## arf
[![Build Status](https://travis-ci.org/melizalab/arf.png?branch=master)](https://travis-ci.org/melizalab/arf)
The Advanced Recording Format [ARF](https://meliza.org/spec:1/arf/) is an open
standard for storing data from neuronal, acoustic, and behavioral experiments in
a portable, high-performance, archival format. The goal is to enable labs to
share data and tools, and to allow valuable data to be accessed and analyzed for
many years in the future.
**ARF** is built on the the [HDF5](http://www.hdfgroup.org/HDF5/) format, and
all arf files are accessible through standard HDF5 tools, including interfaces
to HDF5 written for other languages (e.g. MATLAB, Python, etc). **ARF**
comprises a set of specifications on how different kinds of data are stored. The
organization of ARF files is based around the concept of an *entry*, a
collection of data channels associated with a particular point in time. An entry
might contain one or more of the following:
- raw extracellular neural signals recorded from a multichannel probe
- spike times extracted from neural data
- acoustic signals from a microphone
- times when an animal interacted with a behavioral apparatus
- the times when a real-time signal analyzer detected vocalization
Entries and datasets have metadata attributes describing how the data were
collected. Datasets and entries retain these attributes when copied or moved
between arf files, helping to prevent data from becoming orphaned and
uninterpretable.
This repository contains:
- The specification for arf (in specification.md). This is also hosted at https://meliza.org/spec:1/arf/.
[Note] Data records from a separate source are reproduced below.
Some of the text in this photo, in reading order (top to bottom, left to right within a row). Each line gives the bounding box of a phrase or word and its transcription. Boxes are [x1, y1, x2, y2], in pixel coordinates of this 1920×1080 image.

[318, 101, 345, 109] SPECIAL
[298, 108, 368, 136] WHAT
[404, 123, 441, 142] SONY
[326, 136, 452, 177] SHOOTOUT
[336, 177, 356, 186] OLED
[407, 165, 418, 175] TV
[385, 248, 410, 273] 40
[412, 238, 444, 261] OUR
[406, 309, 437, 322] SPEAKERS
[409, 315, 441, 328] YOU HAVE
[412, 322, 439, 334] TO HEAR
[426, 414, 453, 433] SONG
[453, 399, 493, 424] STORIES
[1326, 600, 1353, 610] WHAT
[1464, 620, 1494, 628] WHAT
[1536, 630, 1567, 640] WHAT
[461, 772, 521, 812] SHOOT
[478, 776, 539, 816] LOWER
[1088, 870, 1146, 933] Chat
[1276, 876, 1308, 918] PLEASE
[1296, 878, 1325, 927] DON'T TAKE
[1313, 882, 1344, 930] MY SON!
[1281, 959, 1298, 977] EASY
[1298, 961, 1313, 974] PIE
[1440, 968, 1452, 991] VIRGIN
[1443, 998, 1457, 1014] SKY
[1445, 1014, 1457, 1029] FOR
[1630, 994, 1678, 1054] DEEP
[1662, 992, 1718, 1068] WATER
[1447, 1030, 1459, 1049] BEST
- A fast, type-safe C++ interface for reading and writing arf files
- A python interface for reading and writing arf files (based on h5py).
### contributing
ARF is under active development and we welcome comments and contributions from
neuroscientists and behavioral biologists interested in using it. We're
particularly interested in use cases that don't fit the current specification.
Please post issues or contact Dan Meliza (dan at meliza.org) directly.
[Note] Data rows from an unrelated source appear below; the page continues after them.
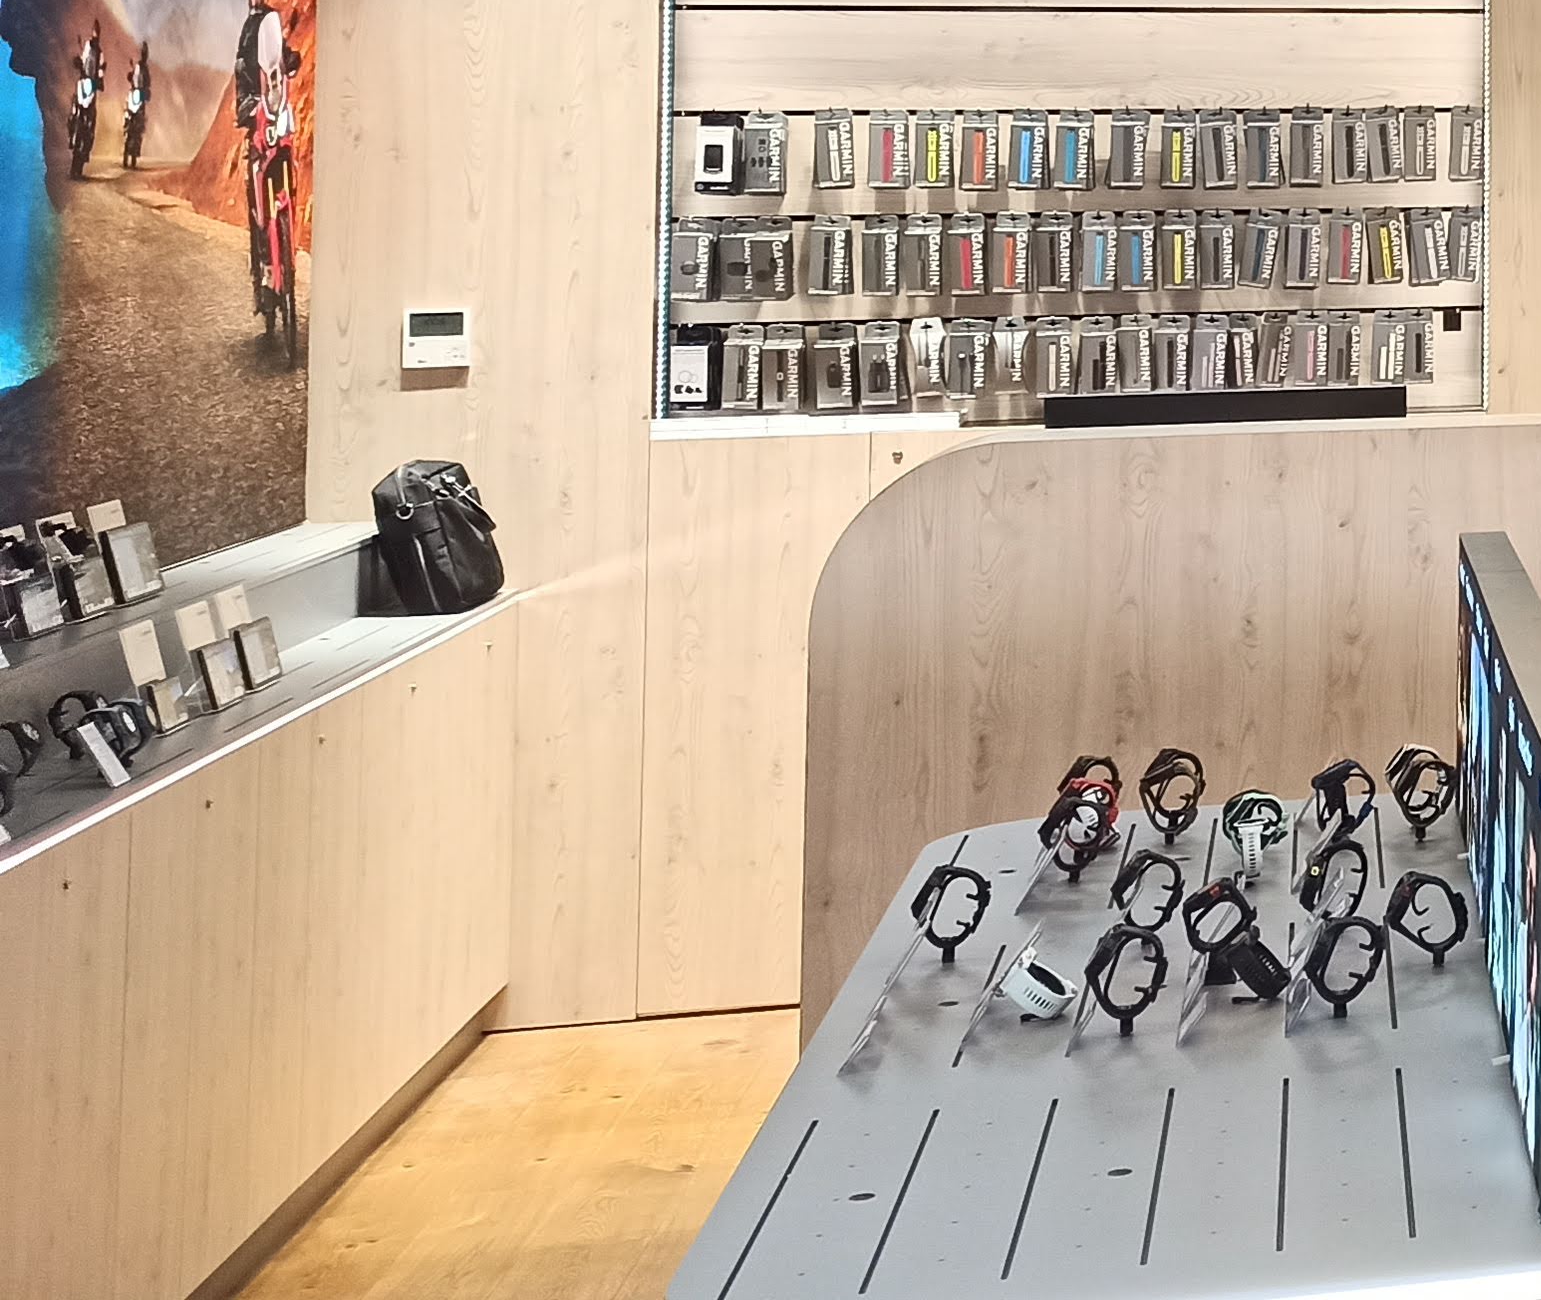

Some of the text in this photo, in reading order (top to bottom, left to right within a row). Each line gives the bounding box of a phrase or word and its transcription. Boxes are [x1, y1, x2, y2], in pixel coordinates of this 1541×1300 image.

[768, 129, 780, 182] GARMIN
[838, 122, 853, 175] GARMIN
[893, 124, 905, 176] GARMIN
[939, 125, 950, 176] GARMIN
[985, 128, 997, 179] GARMIN
[1031, 127, 1045, 178] GARMIN
[1077, 128, 1090, 179] GARMIN
[1133, 126, 1146, 177] GARMIN
[1183, 128, 1194, 178] GARMIN
[1223, 125, 1236, 175] GARMIN
[1269, 127, 1279, 177] GARMIN
[1312, 125, 1323, 174] GARMIN
[1353, 122, 1366, 173] GARMIN
[1388, 119, 1402, 169] GARMIN
[1426, 120, 1436, 170] GARMIN
[1471, 120, 1481, 170] GARMIN
[696, 237, 708, 288] GARMIN
[832, 231, 845, 284] GARMIN
[885, 234, 897, 286] GARMIN
[929, 234, 940, 285] GARMIN
[971, 233, 984, 283] GARMIN
[1015, 232, 1027, 283] GARMIN
[1059, 231, 1071, 282] GARMIN
[1105, 229, 1117, 281] GARMIN
[1142, 229, 1154, 281] GARMIN
[1184, 229, 1195, 280] GARMIN
[1222, 228, 1234, 278] GARMIN
[1262, 230, 1278, 278] GARMIN
[1309, 227, 1321, 277] GARMIN
[1350, 221, 1361, 272] GARMIN
[1388, 220, 1402, 269] GARMIN
[1434, 220, 1449, 269] GARMIN
[1468, 221, 1480, 270] GARMIN
[746, 345, 760, 399] GARMIN
[787, 349, 798, 398] GARMIN
[839, 346, 852, 396] GARMIN
[929, 336, 940, 382] ARMIN
[973, 335, 985, 388] GARMIN
[1059, 336, 1071, 386] GARMIN
[1105, 335, 1116, 386] GARMIN
[1138, 330, 1151, 381] GARMIN
[1176, 334, 1188, 384] GARMIN
[1215, 333, 1227, 384] GARMIN
[1242, 333, 1254, 383] GARMIN
[1279, 326, 1292, 377] GARMIN
[1316, 325, 1328, 376] GARMIN
[1350, 326, 1360, 376] GARMIN
[1395, 325, 1405, 374] GARMIN
[1424, 324, 1433, 373] GARMIN
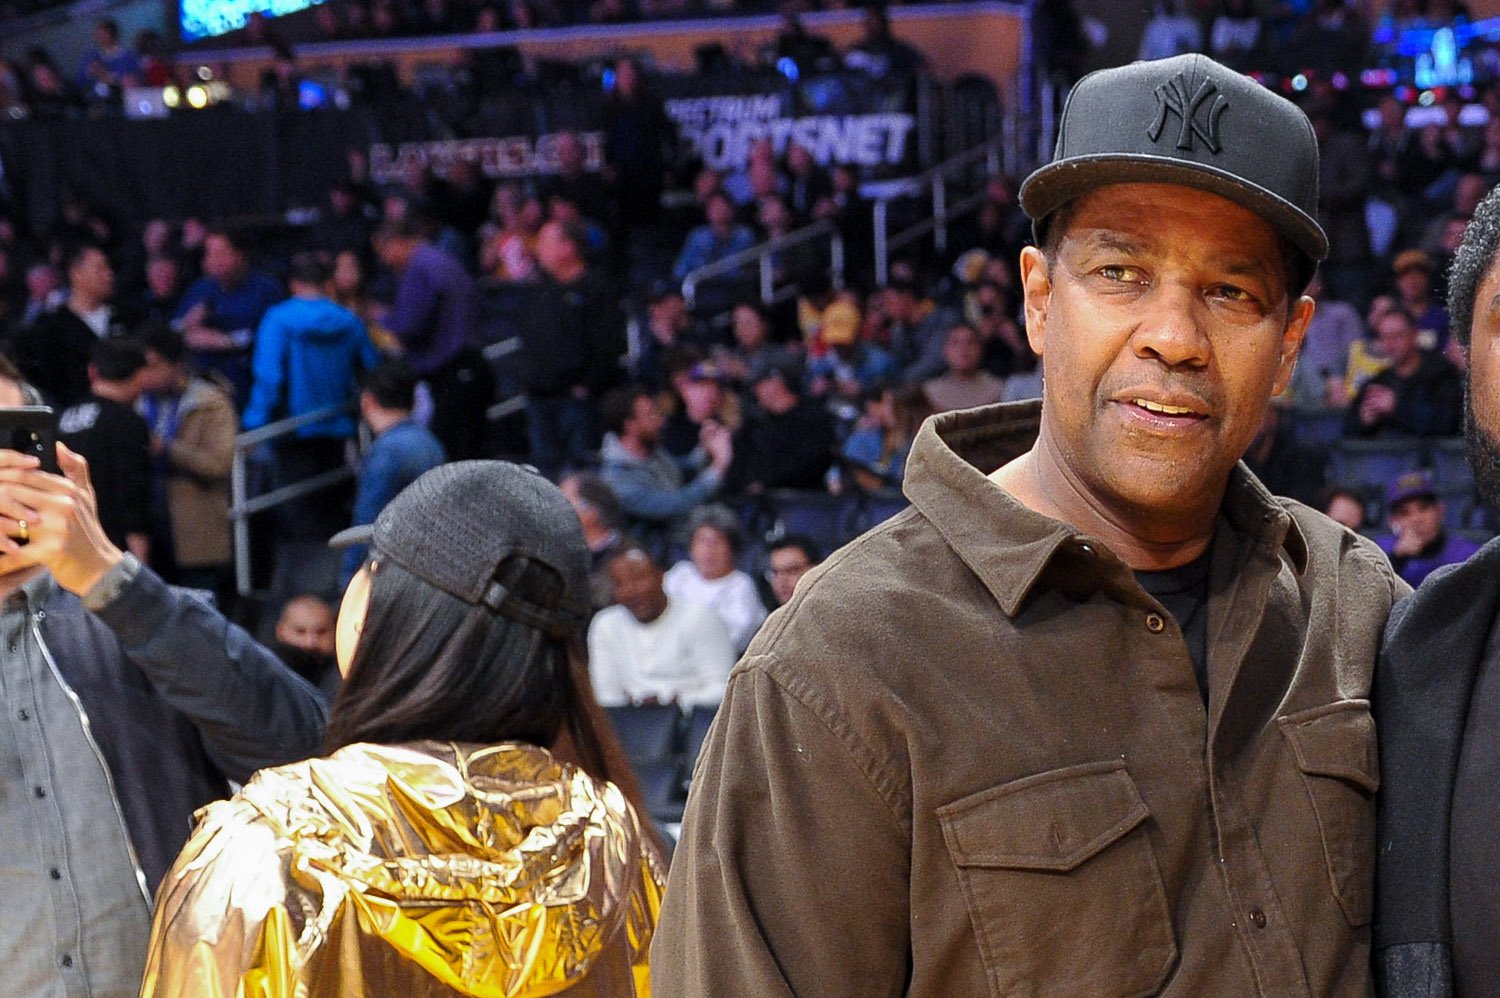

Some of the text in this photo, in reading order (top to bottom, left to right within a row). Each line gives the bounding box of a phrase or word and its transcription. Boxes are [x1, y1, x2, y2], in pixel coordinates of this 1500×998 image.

The MATLAB interface is out of date and could use some work.
### installation
ARF files require HDF5>=1.8 (<http://www.hdfgroup.org/HDF5>).
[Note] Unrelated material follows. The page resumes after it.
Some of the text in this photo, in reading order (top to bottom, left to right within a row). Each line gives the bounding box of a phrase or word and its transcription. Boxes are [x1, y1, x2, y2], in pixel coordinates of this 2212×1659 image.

The python interface requires Python 3.6 or greater, numpy>=1.19, and h5py>=2.10. The last version to support Python 2 was `2.5.1`. To install the module:
```bash
pip install arf
```
To use the C++ interface, you need boost>=1.42 (<http://boost.org>). In addition,
if writing multithreaded code, HDF5 needs to be compiled with
`--enable-threadsafe`. The interface is header-only and does not need to be
compiled. To install:
```bash
make install
```
### version information
The specification and implementations provided in this project use a form of
semantic versioning (<http://semver.org>). Specifications receive a major and
minor version number. Changes to minor version numbers must be backwards
compatible (i.e., only added requirements). The current released version of the
ARF specification is `2.1`.
Implementation versions are synchronized with the major version of the
specification but otherwise evolve independently. For example, the python `arf`
package version `2.1.0` is compatible with any ARF version `2.x`.
There was no public release of ARF prior to `2.0`.
### access ARF files with HDF5 tools
This section describes how to inspect ARF files using standard tools, in the
event that the interfaces described here cease to function.
The structure of an ARF file can be explored using the `h5ls` tool. For example,
to list entries:
```bash
$ h5ls file.arf
test_0001 Group
test_0002 Group
test_0003 Group
test_0004 Group
```
Each entry appears as a Group. To list the contents of an entry, use path
notation:
```bash
$ h5ls file.arf/test_0001
pcm Dataset {609914}
```
This shows that the data in `test_0001` is stored in a single node, `pcm`}, with
609914 data points. Typically each channel will have its own dataset.
The `h5dump` command can be used to output data in binary format. See the HDF5
documentation for details on how to structure the output. For example, to
extract sampled data to a 16-bit little-endian file (i.e., PCM format):
```bash
h5dump -d /test_0001/pcm -b LE -o test_0001.pcm file.arf
```
### related projects
- [arfx](https://github.com/melizalab/arfx) is a commandline tool for manipulating ARF files.
#### open data formats
- [neurodata without borders](http://www.nwb.org) has similar goals and also
uses HDF5 for storage. The data schema is considerably more complex, but it
does seem to be achieving growing adoption.
- [pandora](https://github.com/G-Node/pandora) is also under active development
#### i/o libraries
- [neo](https://github.com/NeuralEnsemble/python-neo) is a Python package for
working with electrophysiology data in Python, together with support for
reading a wide range of neurophysiology file formats.
- [neuroshare](http://neuroshare.org) is a set of routines for reading and
writing data in various proprietary and open formats.